## What you will do
This exercise calls for all the entries that follow to be set down exactly, without their images.

Free-text object descriptions
++++++++++
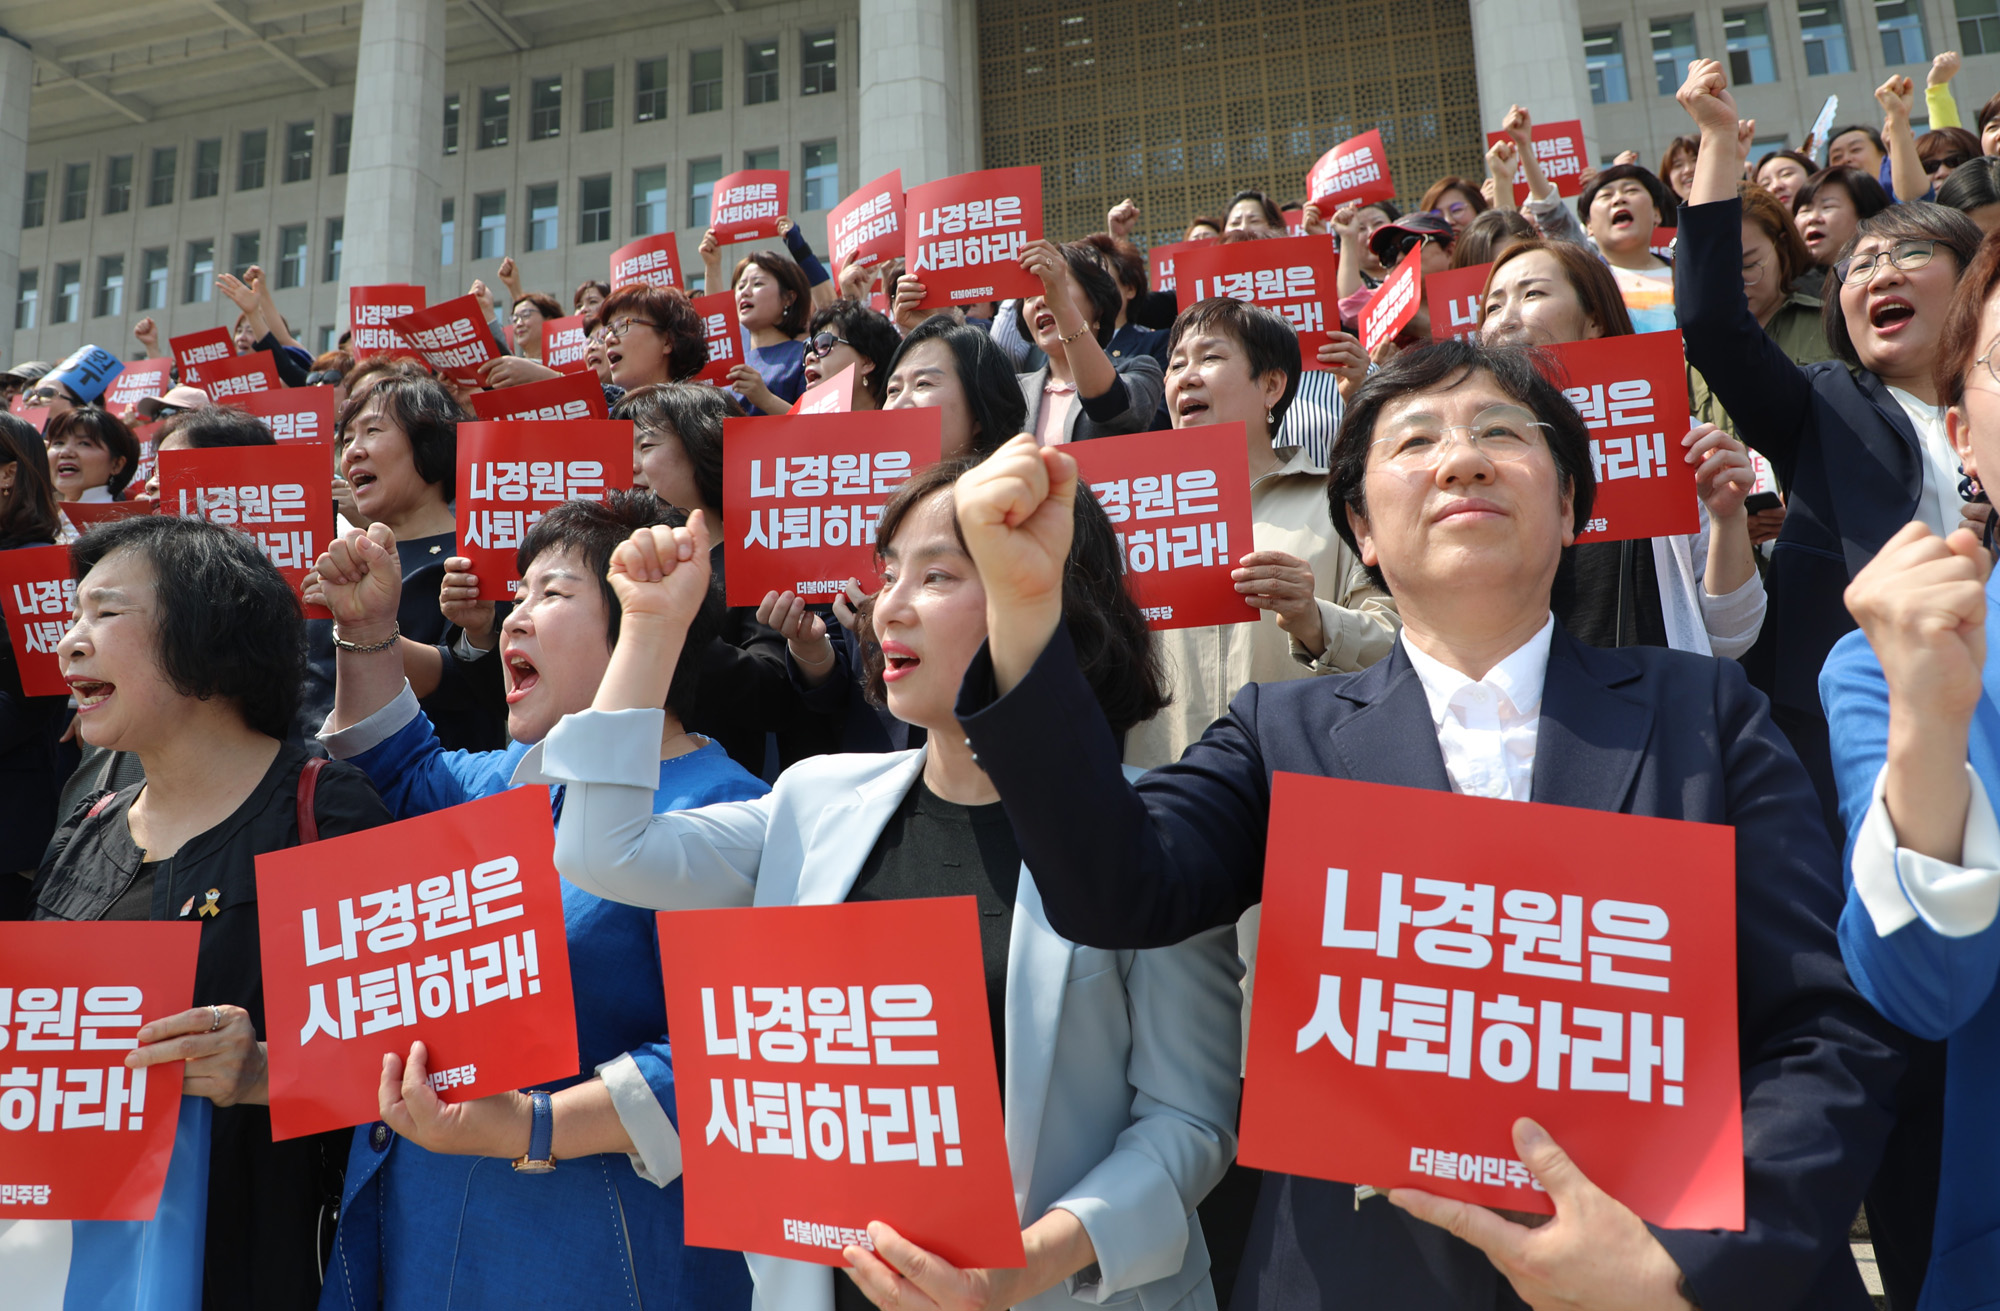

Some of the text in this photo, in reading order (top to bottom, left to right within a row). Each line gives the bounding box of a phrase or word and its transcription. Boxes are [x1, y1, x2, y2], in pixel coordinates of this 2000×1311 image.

[714, 201, 779, 226] 사퇴하라!
[718, 183, 777, 207] 나경원은
[834, 191, 892, 241] 나경원은
[918, 196, 1022, 238] 나경원은
[834, 211, 898, 263] 사퇴하라!
[615, 249, 669, 280] 나경원은
[950, 286, 994, 300] 더불어민주당
[355, 328, 412, 349] 사퇴하
[405, 317, 476, 349] 나경원은
[181, 342, 230, 366] 나경원은
[548, 344, 583, 367] 사퇴하
[208, 371, 268, 401] 나경원은
[1562, 379, 1654, 430] 원은
[258, 411, 318, 440] 원은
[470, 461, 604, 501] 나경원은
[750, 451, 912, 498] 나경원은
[179, 483, 305, 525] 나경원은
[1090, 469, 1219, 523] 경원은
[744, 504, 888, 550] 사퇴하
[1115, 521, 1229, 575] 하라!
[796, 579, 861, 595] 더불어민주
[1139, 605, 1173, 621] 민주당
[302, 856, 524, 967] 나경원은
[1321, 867, 1672, 993] 나경원은
[300, 929, 541, 1046] 사퇴하라!
[701, 984, 940, 1065] 나경원은
[1296, 974, 1685, 1106] 사퇴하라!
[425, 1063, 477, 1092] 민주당
[705, 1078, 963, 1166] 사퇴하라!
[0, 1184, 51, 1206] 민주당
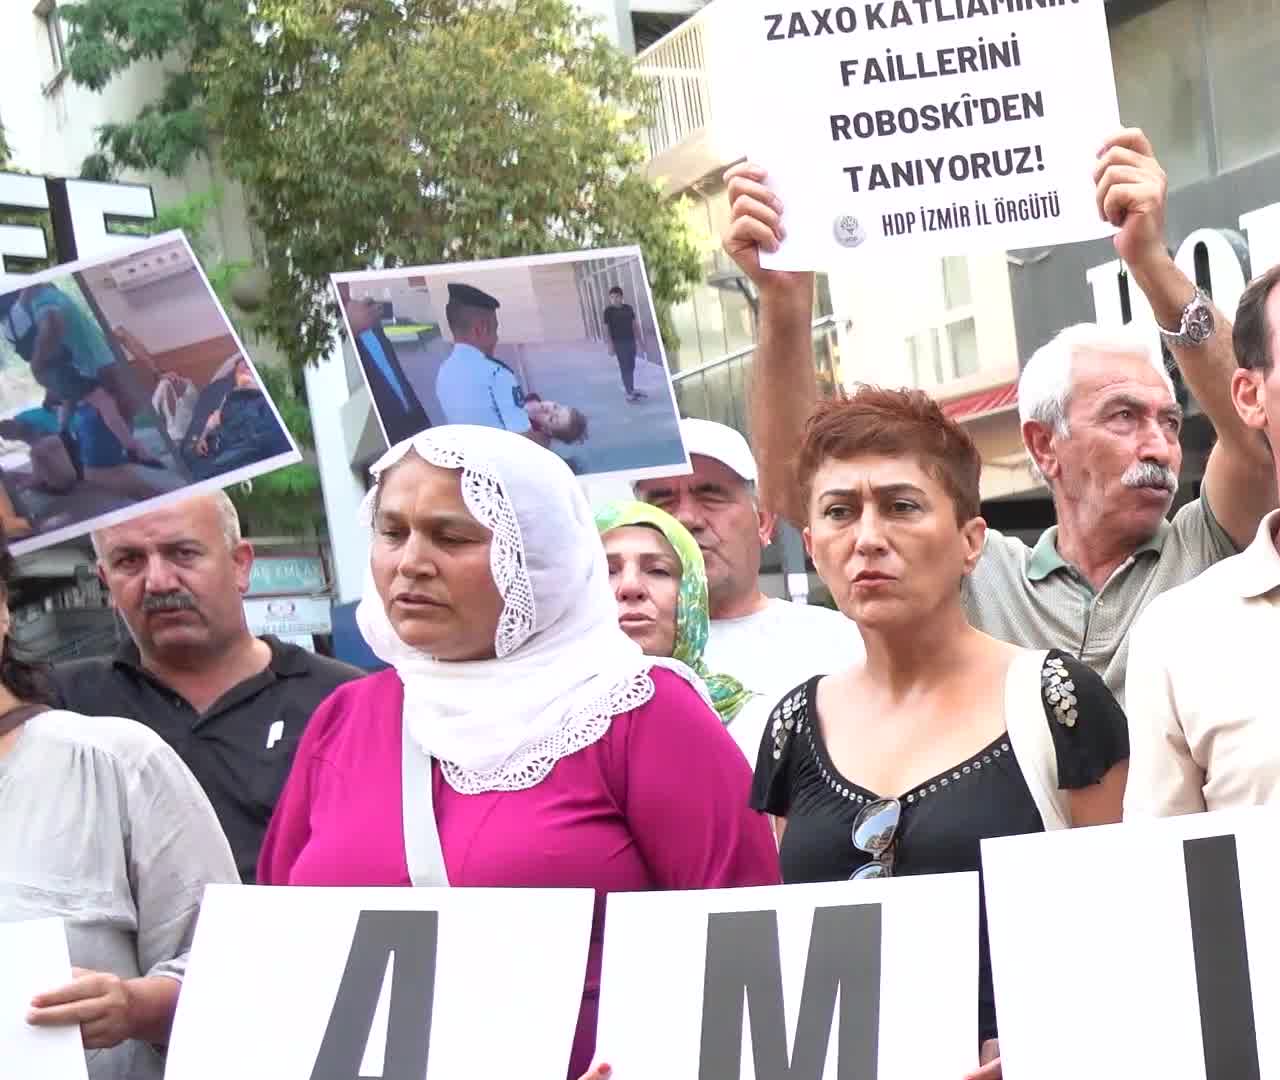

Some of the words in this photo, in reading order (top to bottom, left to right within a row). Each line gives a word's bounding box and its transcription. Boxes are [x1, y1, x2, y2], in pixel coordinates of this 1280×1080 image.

[764, 7, 857, 41] ZAXO
[840, 32, 1021, 87] FAİLLERİNİ
[843, 145, 1046, 193] TANIYORUZ!
[882, 211, 916, 237] HDP
[920, 202, 971, 232] İZMİR
[975, 199, 991, 227] İL
[994, 191, 1061, 224] ÖRGÜTÜ
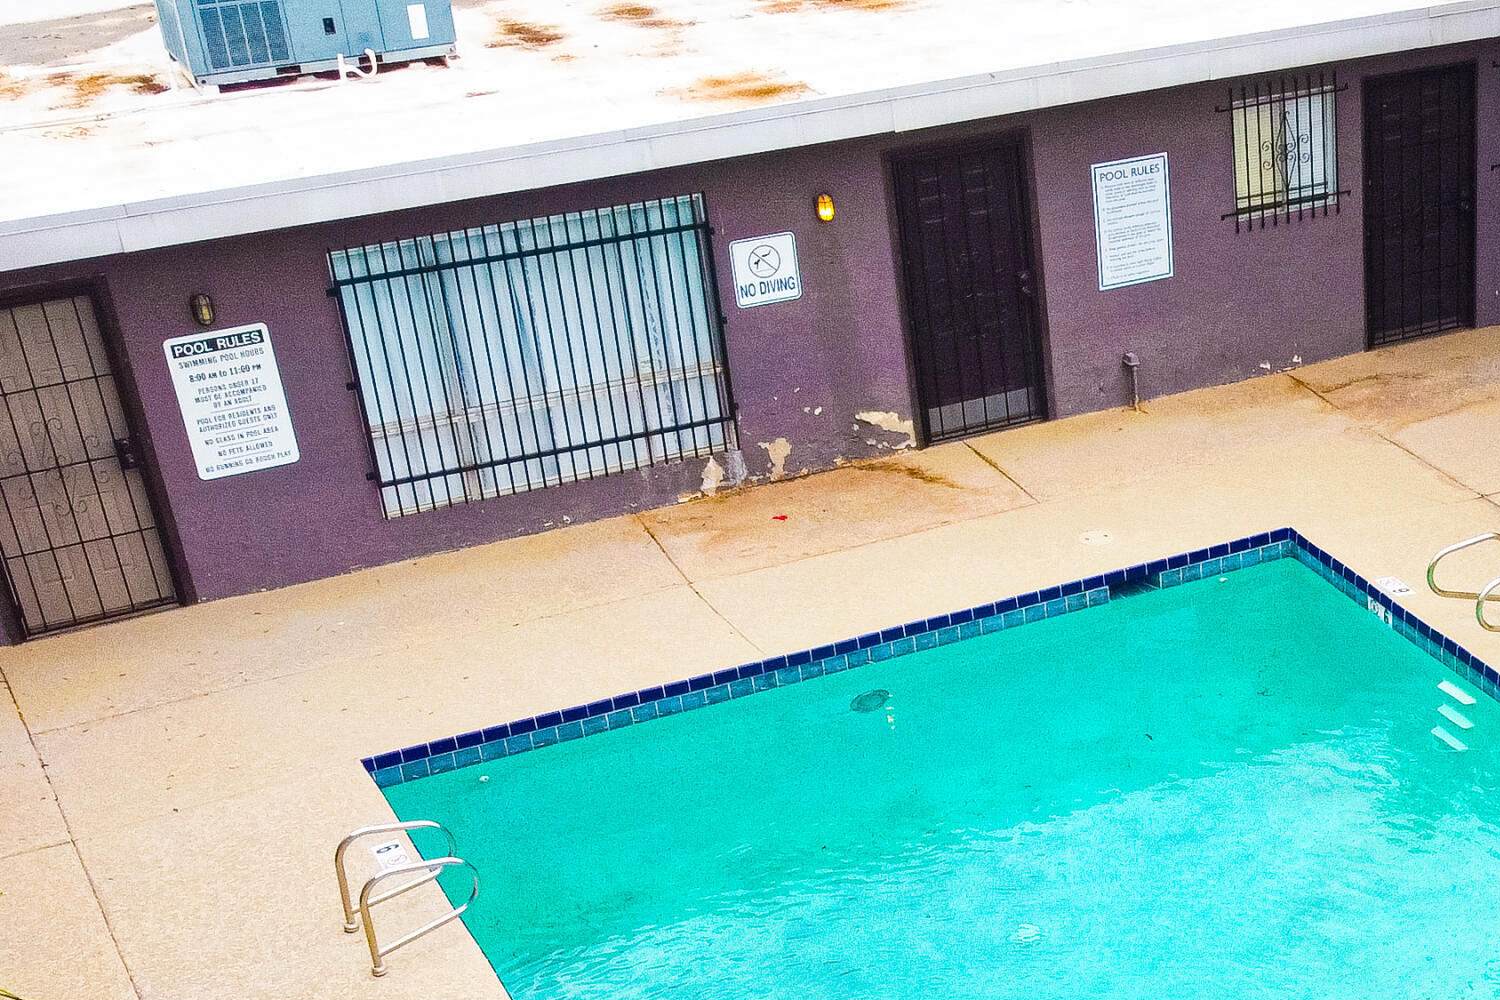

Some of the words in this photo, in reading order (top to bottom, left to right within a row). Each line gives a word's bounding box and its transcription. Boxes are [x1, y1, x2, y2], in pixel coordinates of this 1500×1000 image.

[1100, 169, 1128, 182] POOL
[1131, 163, 1160, 177] RULES
[740, 283, 757, 299] NO
[759, 276, 796, 295] DIVING
[174, 341, 214, 357] POOL
[216, 332, 261, 350] RULES
[178, 356, 217, 369] SWIMMING
[220, 352, 238, 362] POOL
[240, 347, 264, 358] HOURS
[252, 363, 261, 371] PM
[376, 844, 399, 854] 6
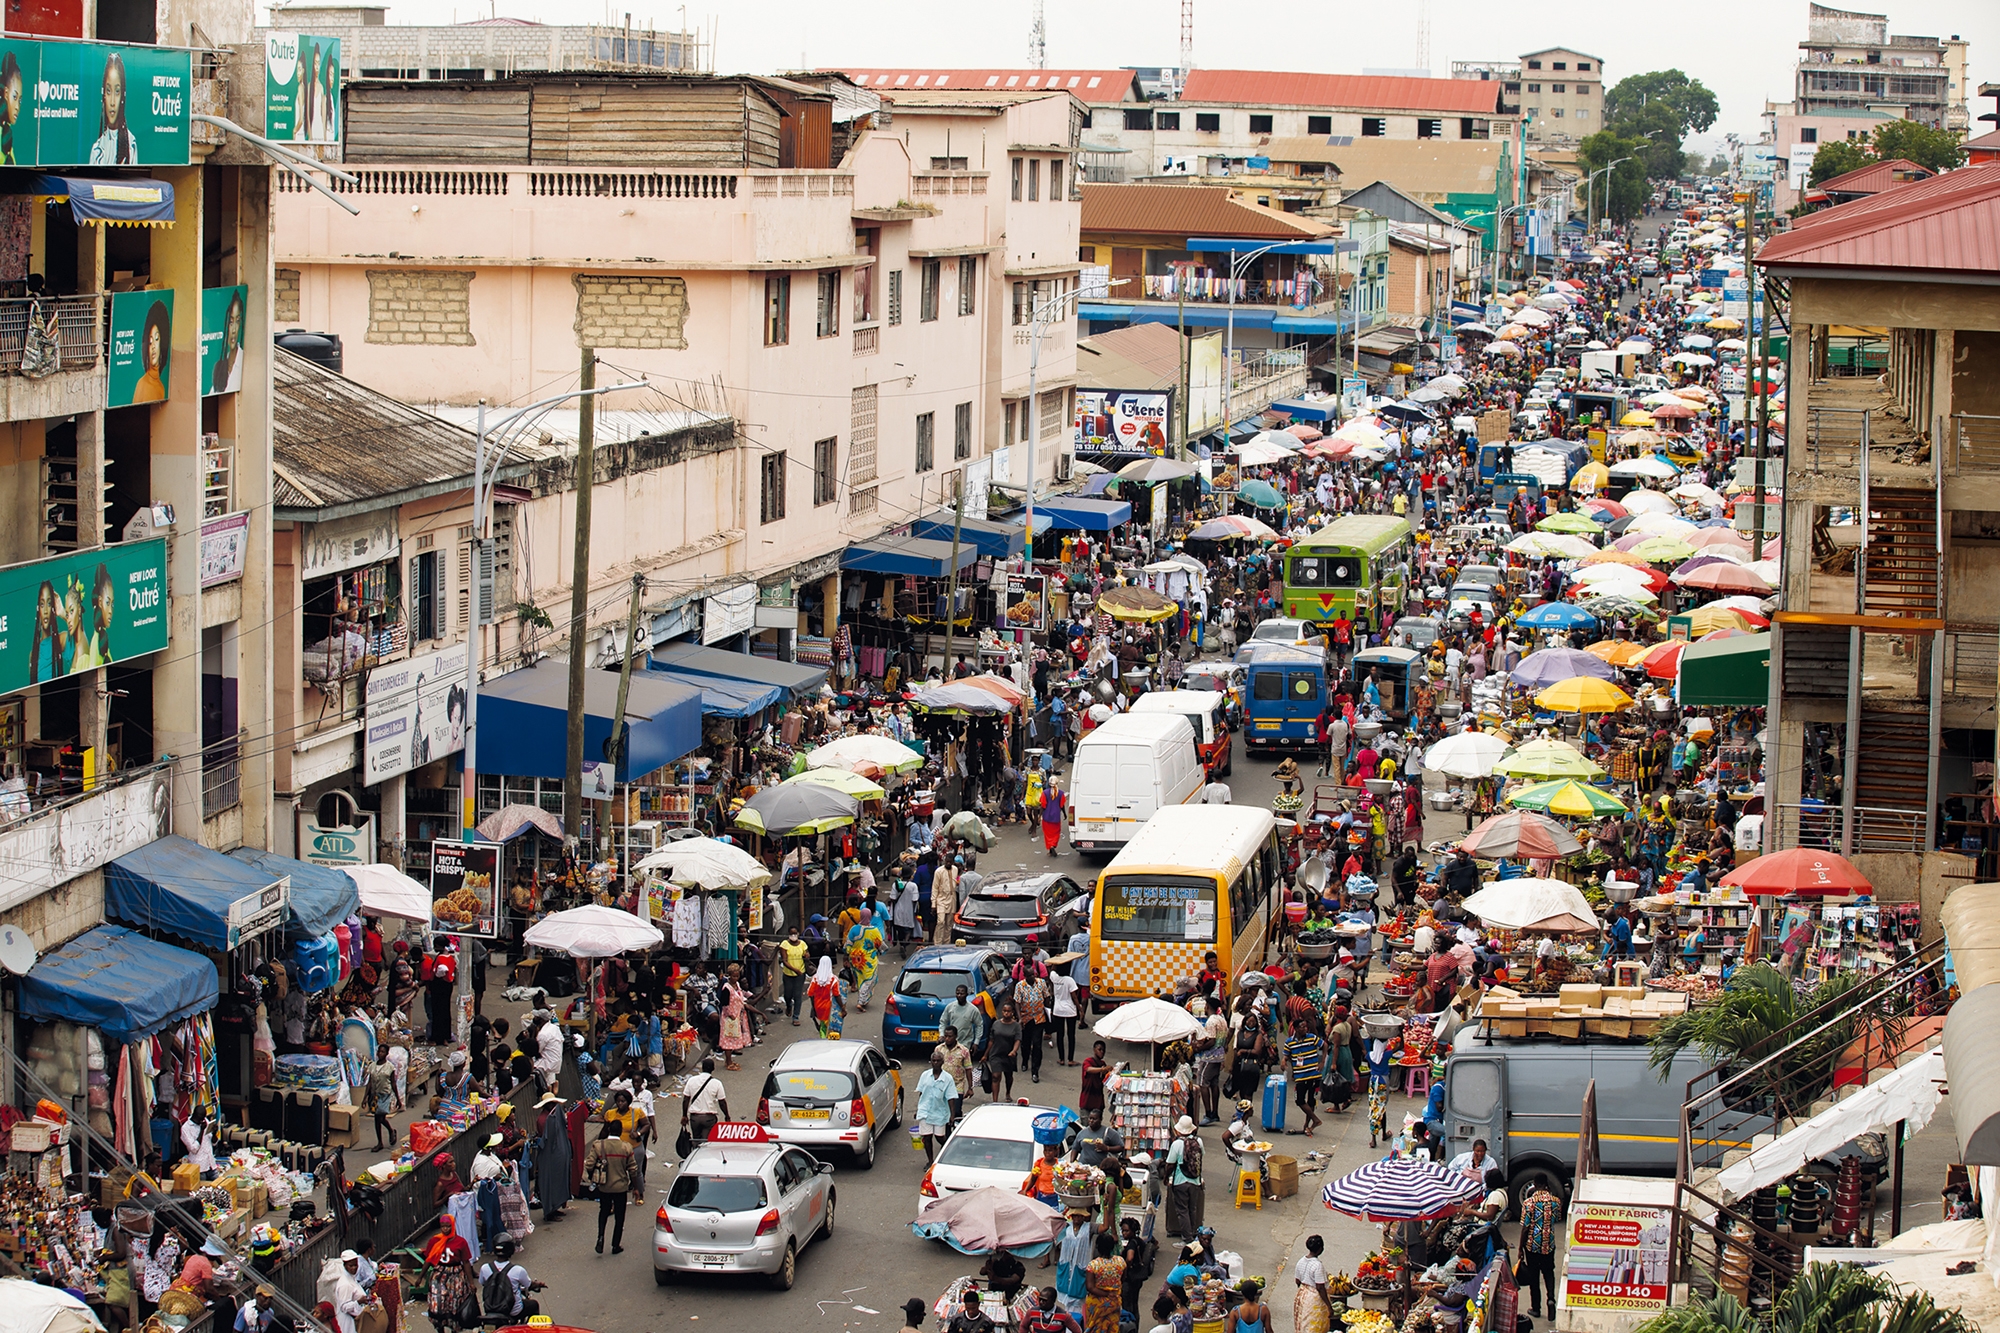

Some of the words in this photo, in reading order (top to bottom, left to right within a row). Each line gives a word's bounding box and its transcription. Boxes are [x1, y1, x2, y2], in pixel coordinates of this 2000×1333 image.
++++++++++
## Response to the task
Some of the text in this photo, in reading order (top to bottom, left to right within a row). Each line gives the bounding box of a phrase or word and its transcription. Boxes are [x1, y1, x2, y2], in pixel coordinates of this 2000×1311 image.

[714, 201, 779, 226] 사퇴하라!
[718, 183, 777, 207] 나경원은
[834, 191, 892, 241] 나경원은
[918, 196, 1022, 238] 나경원은
[834, 211, 898, 263] 사퇴하라!
[615, 249, 669, 280] 나경원은
[950, 286, 994, 300] 더불어민주당
[355, 328, 412, 349] 사퇴하
[405, 317, 476, 349] 나경원은
[181, 342, 230, 366] 나경원은
[548, 344, 583, 367] 사퇴하
[208, 371, 268, 401] 나경원은
[1562, 379, 1654, 430] 원은
[258, 411, 318, 440] 원은
[470, 461, 604, 501] 나경원은
[750, 451, 912, 498] 나경원은
[179, 483, 305, 525] 나경원은
[1090, 469, 1219, 523] 경원은
[744, 504, 888, 550] 사퇴하
[1115, 521, 1229, 575] 하라!
[796, 579, 861, 595] 더불어민주
[1139, 605, 1173, 621] 민주당
[302, 856, 524, 967] 나경원은
[1321, 867, 1672, 993] 나경원은
[300, 929, 541, 1046] 사퇴하라!
[701, 984, 940, 1065] 나경원은
[1296, 974, 1685, 1106] 사퇴하라!
[425, 1063, 477, 1092] 민주당
[705, 1078, 963, 1166] 사퇴하라!
[0, 1184, 51, 1206] 민주당

Some of the words in this photo, in reading order (top to bottom, left to right within a row). Each line gives a word's bounding box and its transcription. Boxes are [x1, y1, x2, y2], in pixel coordinates of this 1280×1080 image.

[764, 7, 857, 41] ZAXO
[840, 32, 1021, 87] FAİLLERİNİ
[843, 145, 1046, 193] TANIYORUZ!
[882, 211, 916, 237] HDP
[920, 202, 971, 232] İZMİR
[975, 199, 991, 227] İL
[994, 191, 1061, 224] ÖRGÜTÜ

Some of the words in this photo, in reading order (top to bottom, left to right within a row). Each line gives a word's bounding box and its transcription. Boxes are [x1, y1, x2, y2], in pixel coordinates of this 1500×1000 image.

[1100, 169, 1128, 182] POOL
[1131, 163, 1160, 177] RULES
[740, 283, 757, 299] NO
[759, 276, 796, 295] DIVING
[174, 341, 214, 357] POOL
[216, 332, 261, 350] RULES
[178, 356, 217, 369] SWIMMING
[220, 352, 238, 362] POOL
[240, 347, 264, 358] HOURS
[252, 363, 261, 371] PM
[376, 844, 399, 854] 6

Some of the words in this photo, in reading order (top to bottom, left to right within a row). Each line gives a word's bounding box and its transcription. Boxes are [x1, y1, x2, y2], in pixel coordinates of this 2000×1333 image.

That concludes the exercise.